This student believes that further research into the implications that multiple team memberships pose on organizations is critically necessary, as there remains a lot in this subject that has yet to be discovered. O’Leary et. al. (2011) acknowledges this throughout their work, essentially stating that this is largely an untapped niche in the available literature on teams. This student finds it somewhat perplexing that, up to this point, there has been so little research conducted on this subject. With organizations increasingly turning to the team model in order to accomplish objectives and cultivate talent, one would think that this field of study would have more prominence in the business literature.

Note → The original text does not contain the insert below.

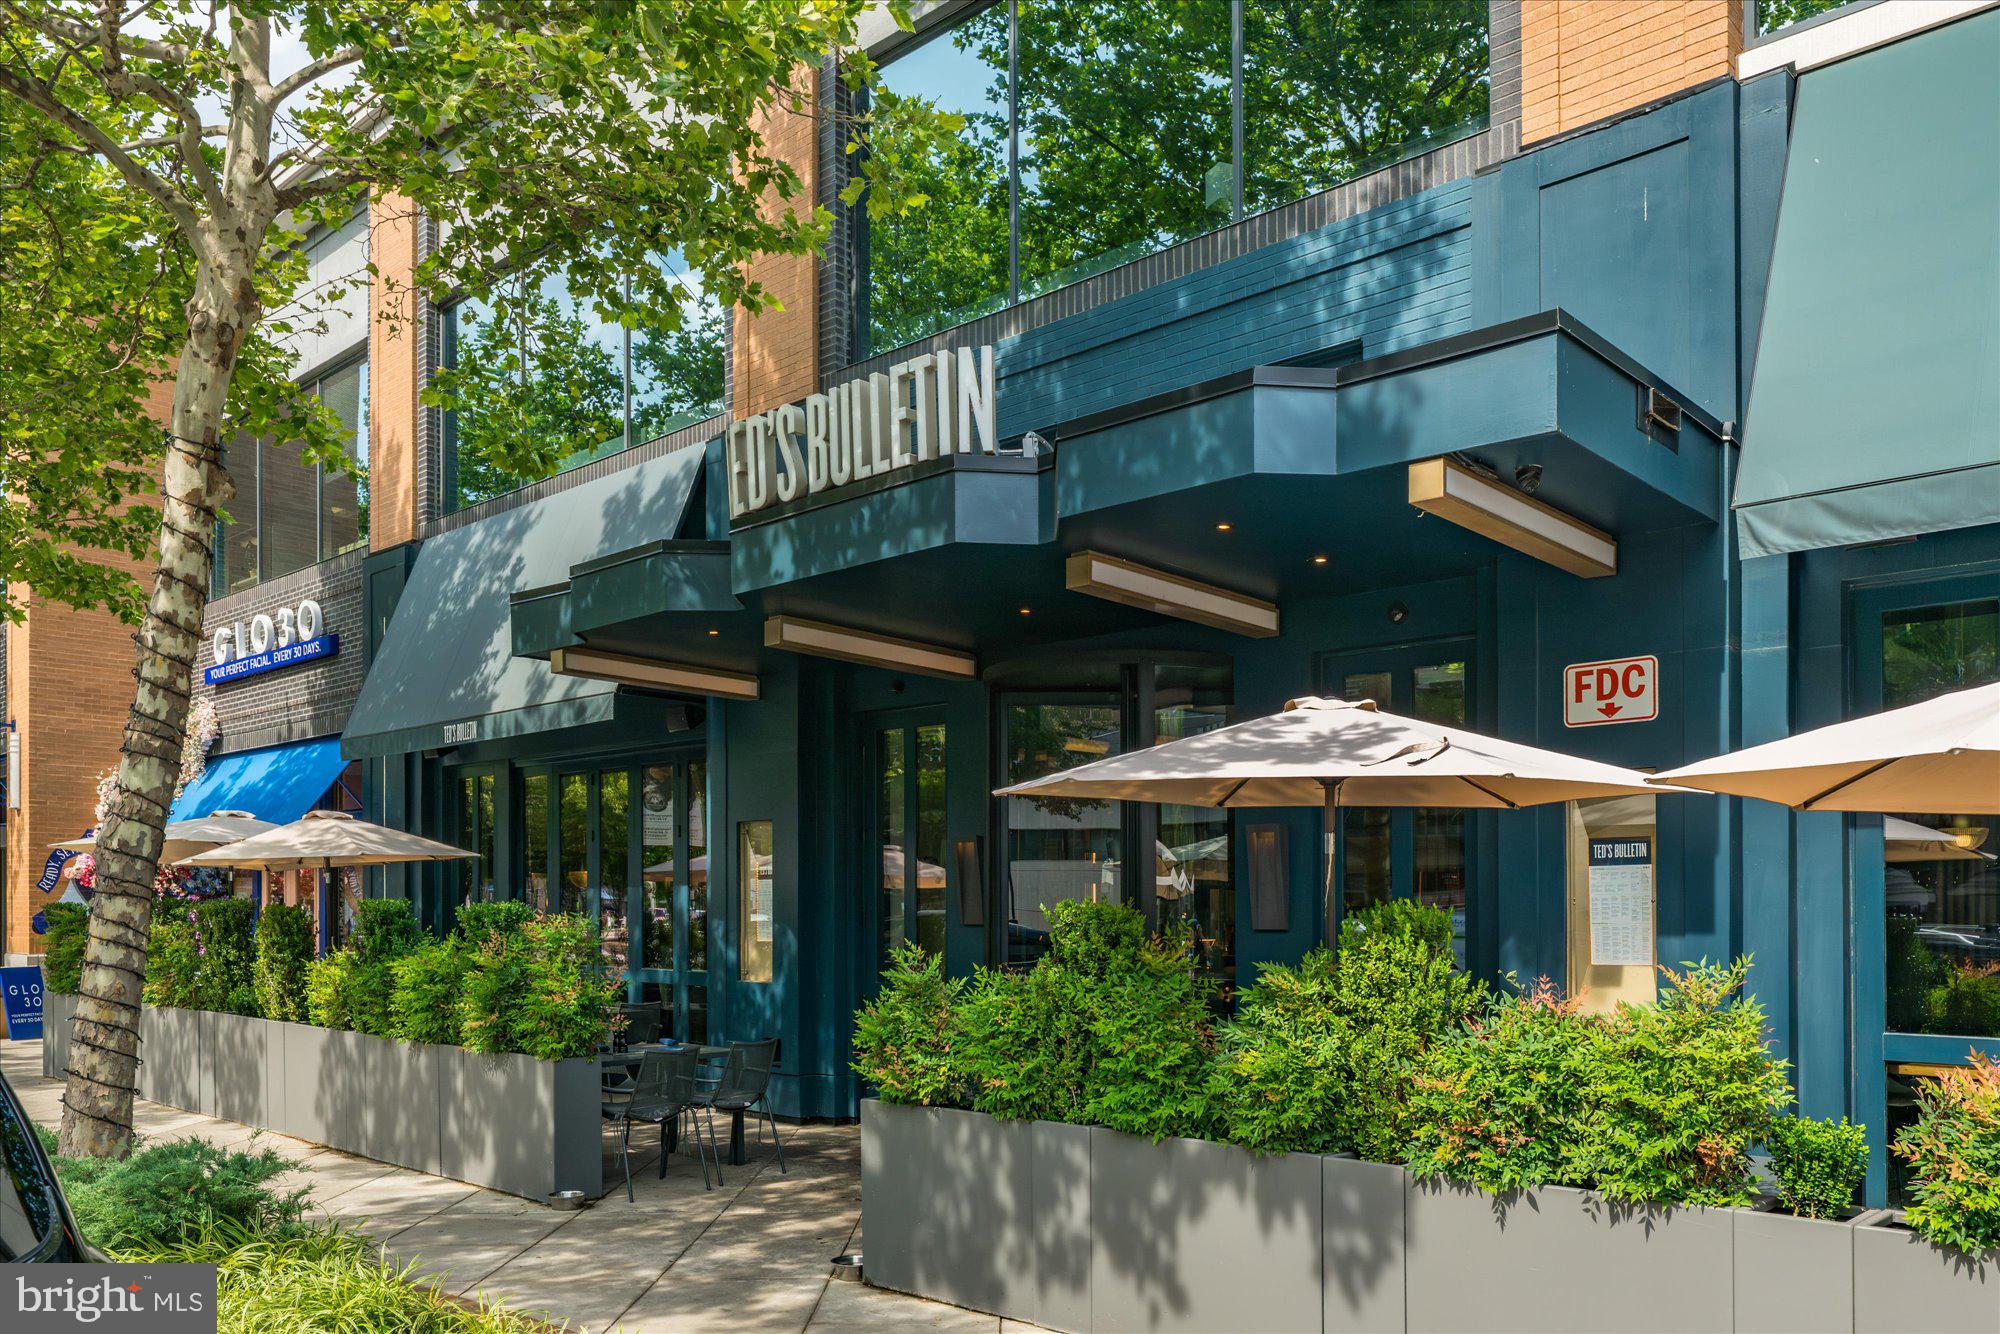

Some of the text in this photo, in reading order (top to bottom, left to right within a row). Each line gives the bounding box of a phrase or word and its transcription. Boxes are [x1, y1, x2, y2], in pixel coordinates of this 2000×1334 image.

In particular, this student, after his reading and interpretation of O’Leary et. al. (2011), is left wondering whether or not the loss of productivity that occurs within an organization as a result of multiple team memberships is only a temporary anomaly, with productivity levels rebounding at some point, and even taken to new heights. Learning, by its inherent nature, is intended to improve, however one chooses to define that term. So while it is undoubtedly plausible to see a temporary loss in productivity as the result of spending a significant amount of time in the acquiring and sharing of knowledge and information through service on multiple teams, this student sincerely suspects that the quality of this transferring of wisdom would allow the organization to eventually catch up with this productivity gap, with the ultimate goal of exceeding it once it is closed.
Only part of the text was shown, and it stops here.